Scam Alert: Nationwide urges customers to watch out for new scam tactics (Image: GETTY)

Cloned websites posing as investment firms are also common tactics in tricking victims of fraud in order to put forward an image of credibility.

On top of this, those taken in by an investment scam may also receive an initial payment or even a couple of payments with “returns” on their investment to convince them to invest a larger amount of money.

Fraudsters spend hours each day researching and analysing their marks before carrying out a scam. They may provide their victims with details of previous investments and shares they hold.

An example of a common scam tactic is being offered an opportunity to invest in existing markets, such as property, gold or Bitcoin.


Best ways to spot an investment scam

Thanks to Take Five, Nationwide customers and the wider public have access to a range of support and guidance on how to avoid investment scams.

According to the scam avoidance campaign, here are the best ways to spot an investment scam:

  • Seeing advertisements in social media, sometimes celebrity endorsed, which promote high returns on investments
  • Being contacted randomly by phone, email or social media about an investment opportunity
  • Getting offered a high return on your investment with apparently no risk involved
  • Being told the investment opportunity is exclusive to you
  • Being pressured into making a decision on an investment with little time to decide properly

Investment Scam alert

Scam alert: Take Five is a national campaign dedicated to raising awareness about scams (Image: GETTY)

Specifically, Take Five is warning the public to be wary of any investment opportunities in the cryptocurrency market.
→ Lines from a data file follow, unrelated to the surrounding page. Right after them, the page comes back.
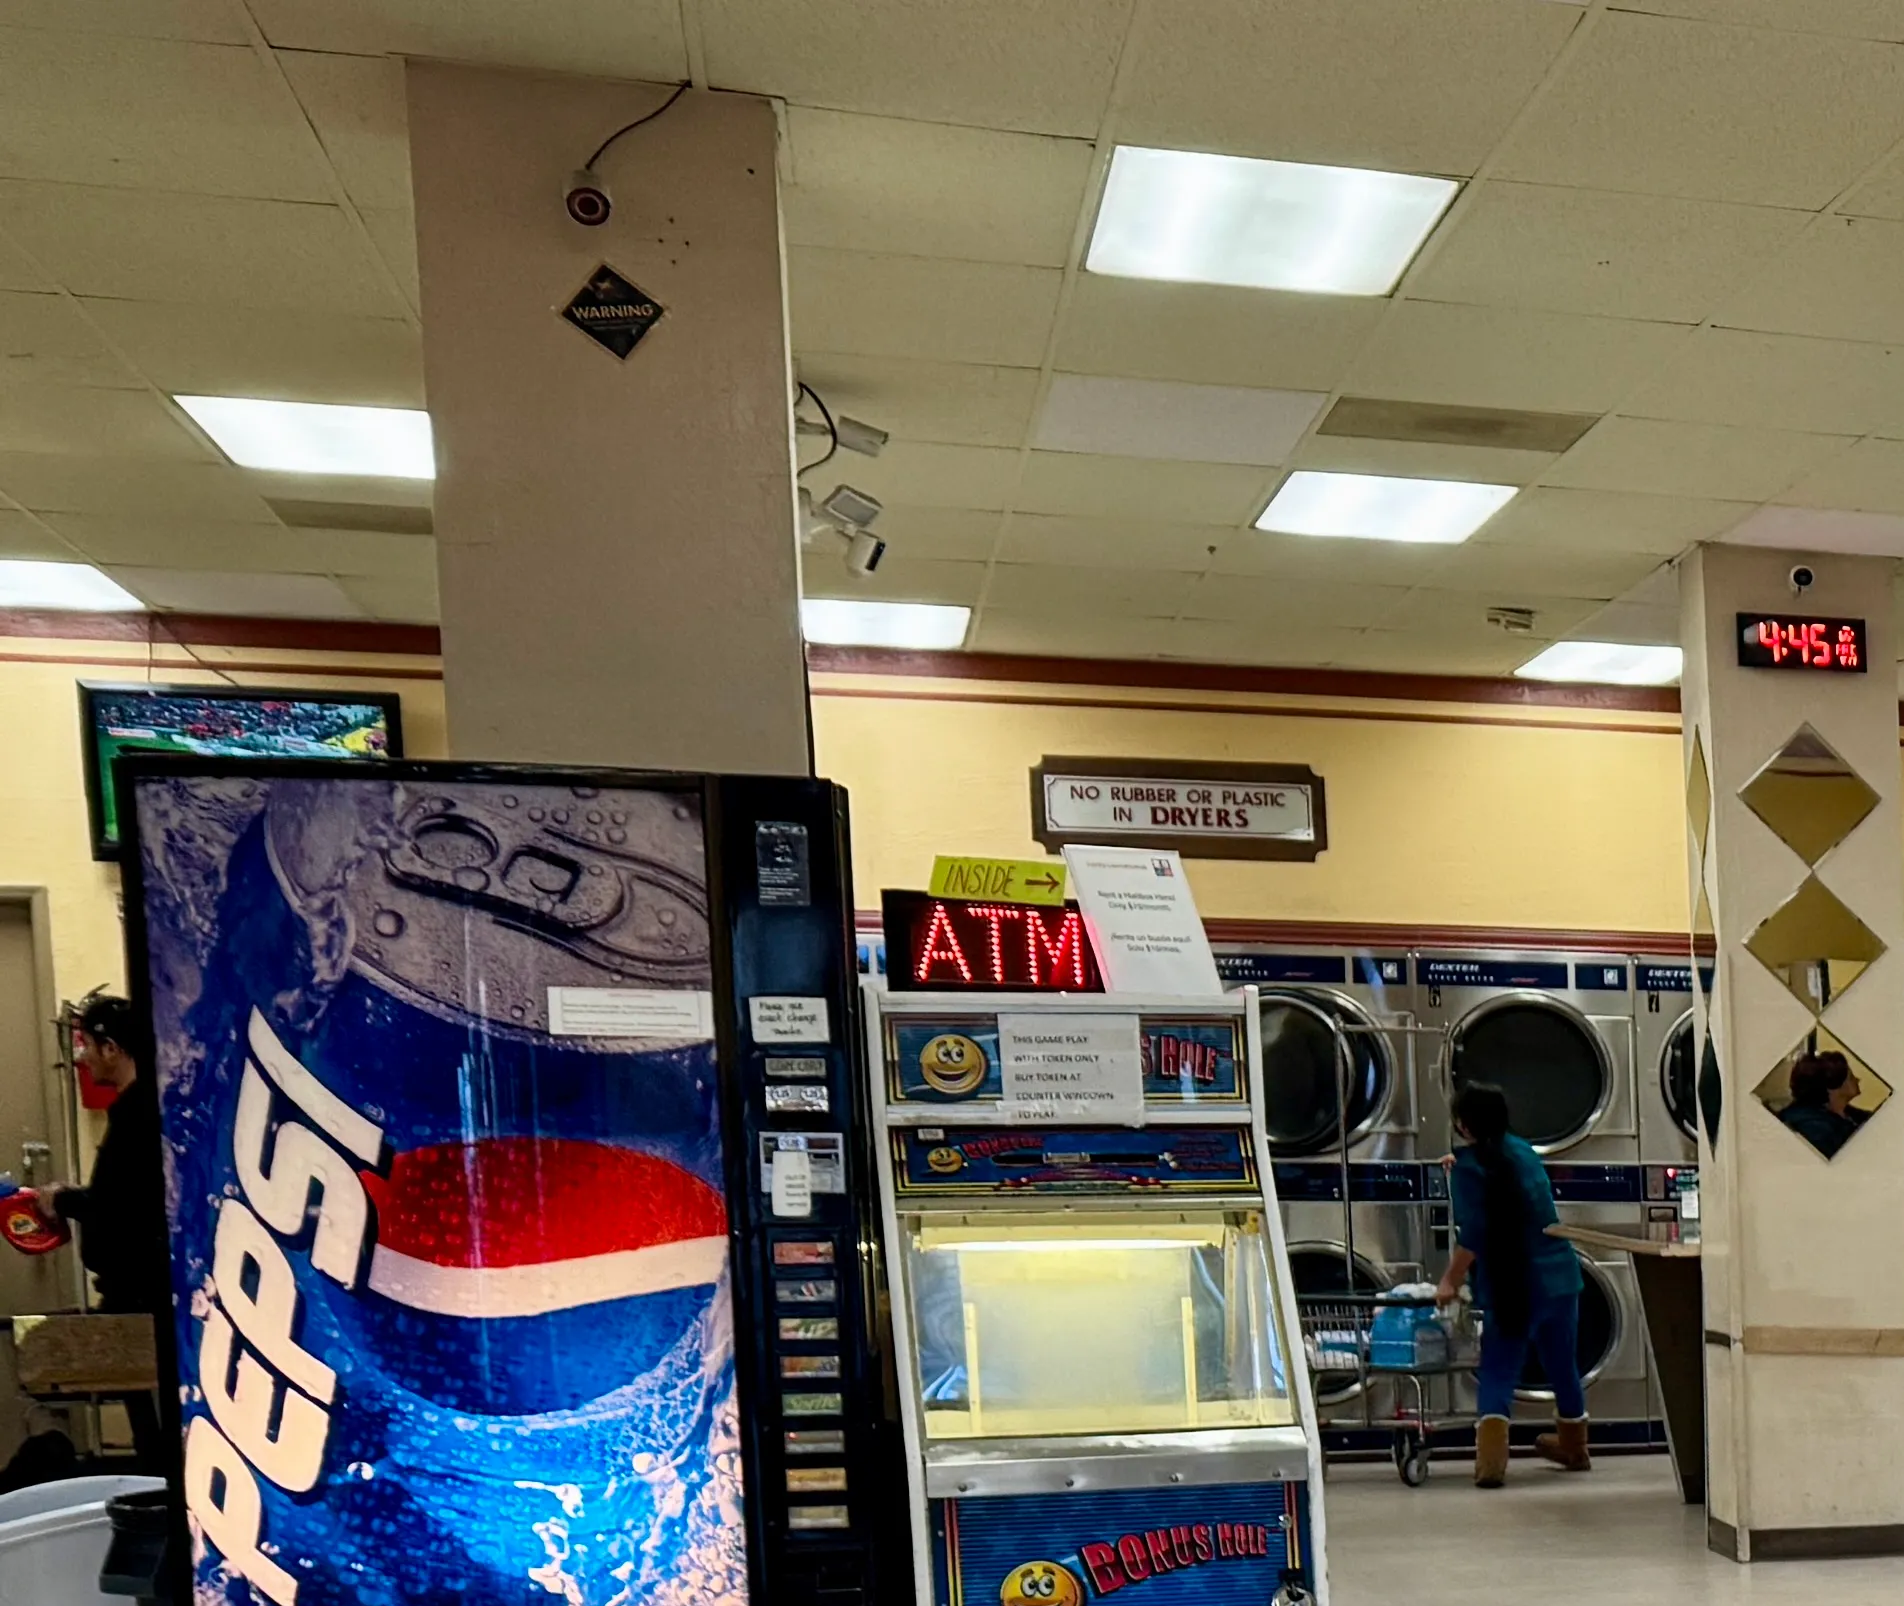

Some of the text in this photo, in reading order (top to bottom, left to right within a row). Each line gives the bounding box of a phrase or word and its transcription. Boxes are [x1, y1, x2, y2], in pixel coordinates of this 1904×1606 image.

[571, 304, 654, 319] WARNING
[1758, 620, 1831, 666] 4:45
[1070, 784, 1286, 807] NO RUBBER OR PLASTIC
[1113, 806, 1249, 829] IN DRYERS
[943, 863, 1016, 897] INSIDE
[914, 901, 1084, 986] ATM
[1012, 1035, 1089, 1045] THIS GAME PLAY
[1042, 1055, 1073, 1064] TOKEN
[1074, 1055, 1100, 1064] ONLY
[1015, 1073, 1081, 1082] BUY TOKEN AT
[1016, 1092, 1061, 1101] COUNTER
[1081, 1522, 1269, 1597] BONUS HOLE
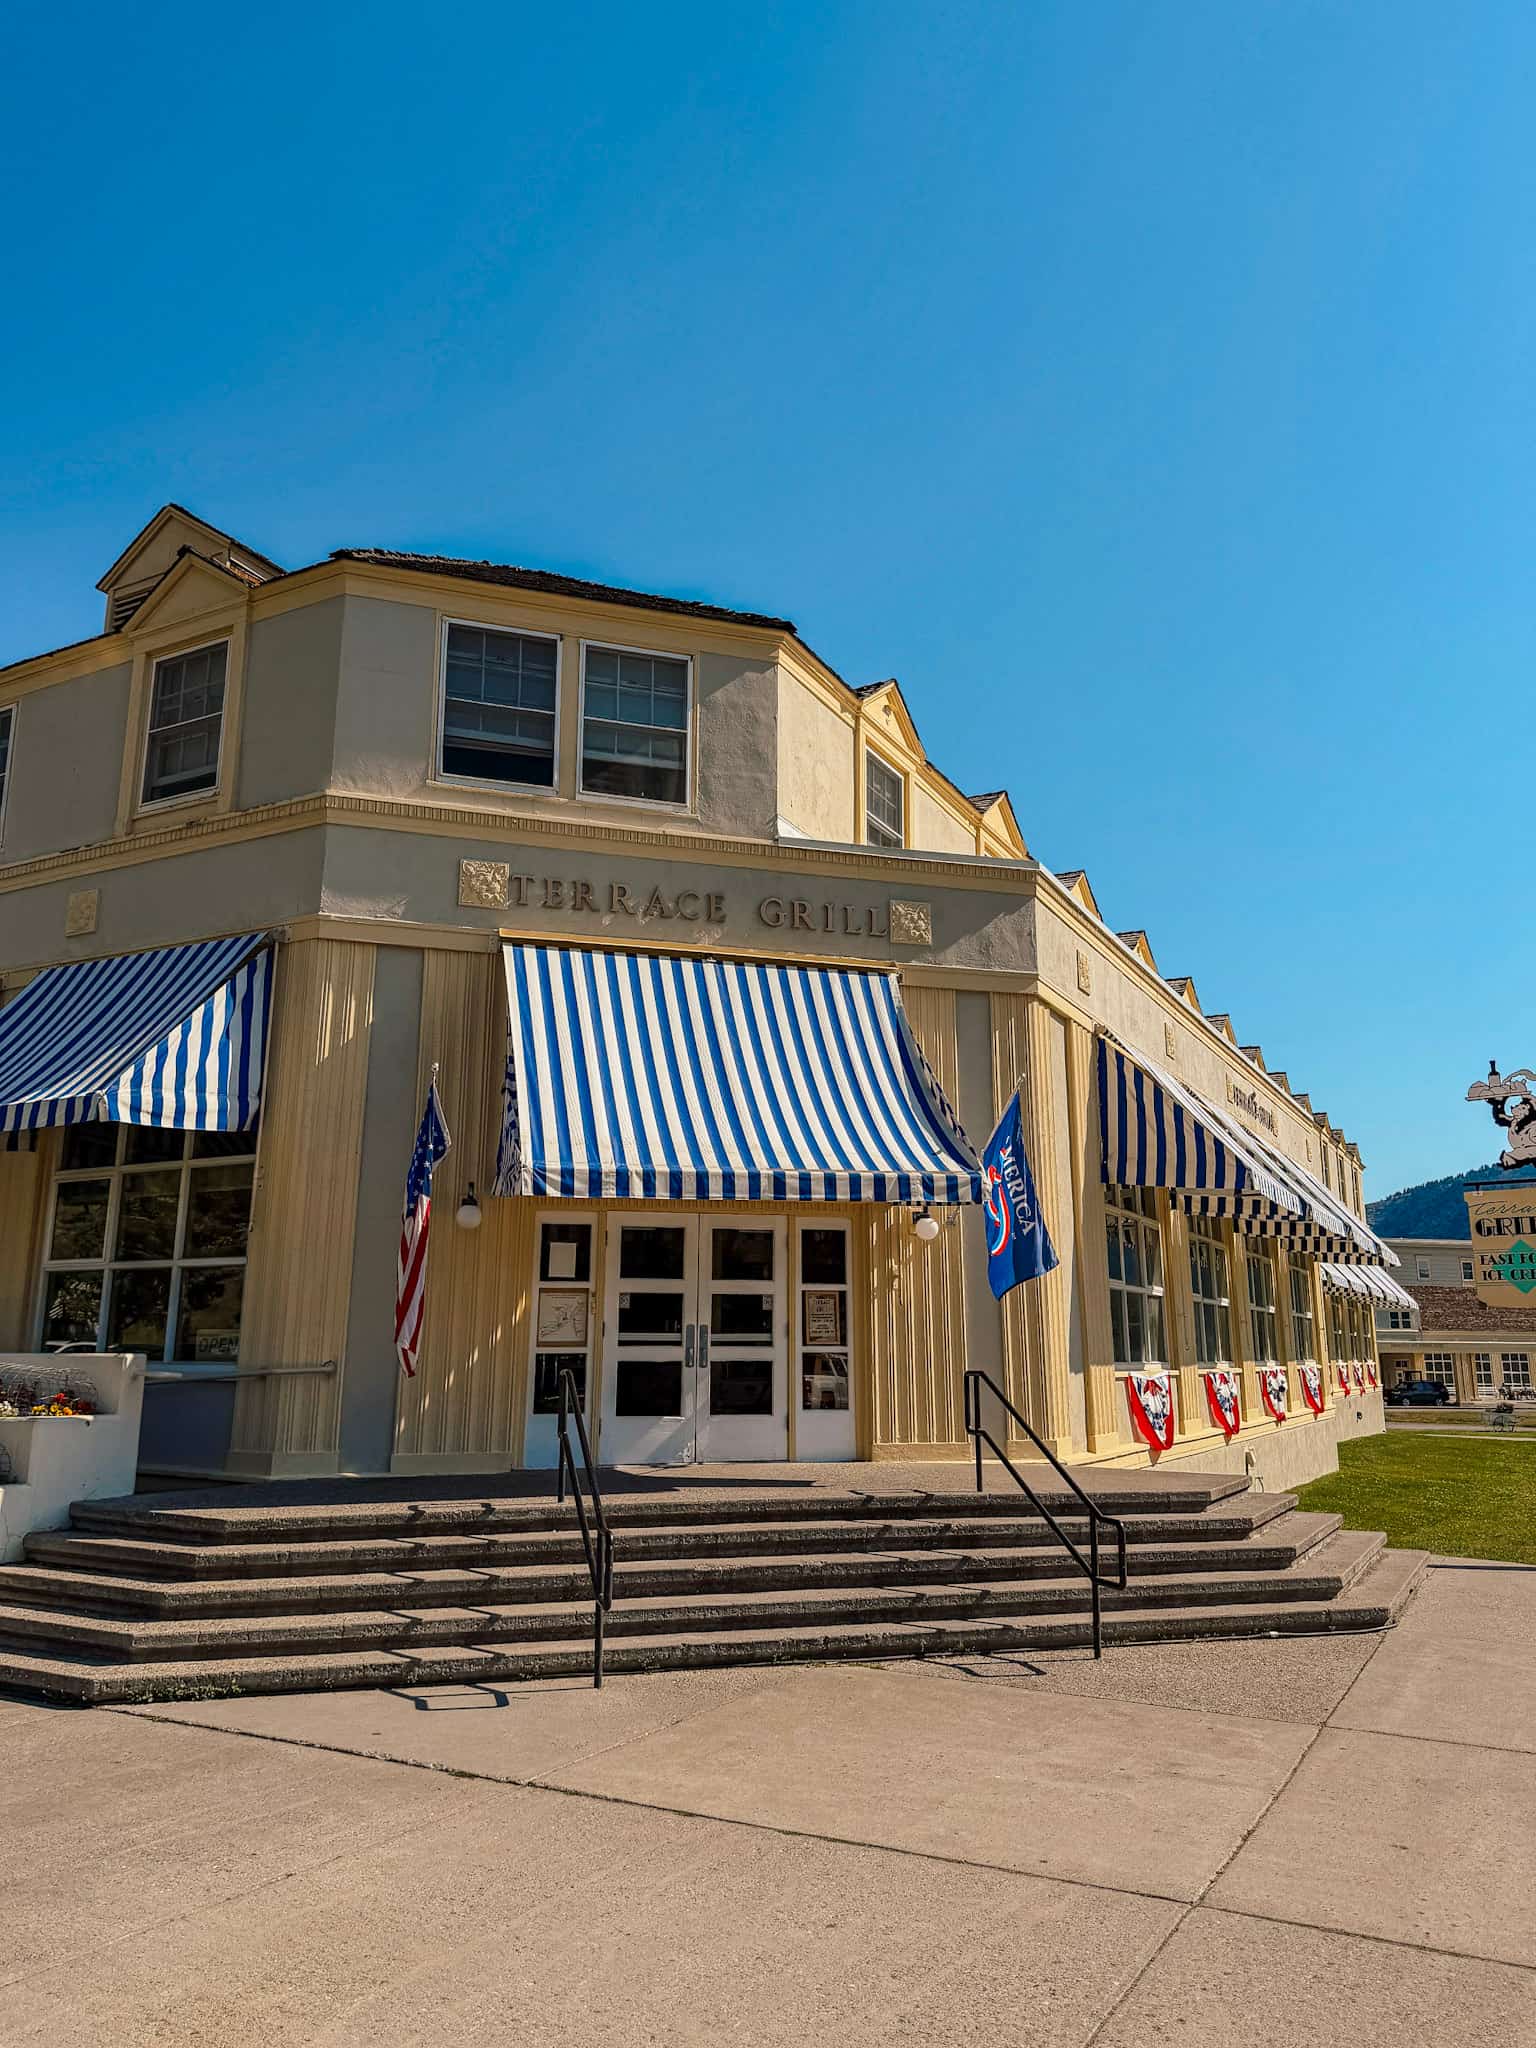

The campaign said: “Check the Financial Conduct Authority’s (FCA) register for regulated firms, individuals and bodies.

“Most cryptocurrencies aren’t regulated by the FCA which means they’re not protected by the UK’s Financial Services Compensation Scheme.

“It’s important that you do your research and proceed with extreme caution before making any investments.

“You can check if an investment or pension opportunity you’ve been offered could potentially be a scam by taking the FCA’s ScamSmart test.”

Anyone considering that they’ve been targeted by an investment scam online should visit the Advertising Standard Authority’s website.

To fill out a complaint, a quick reporting form will need to be completed which will then be passed on to the authority who will take action if deemed necessary.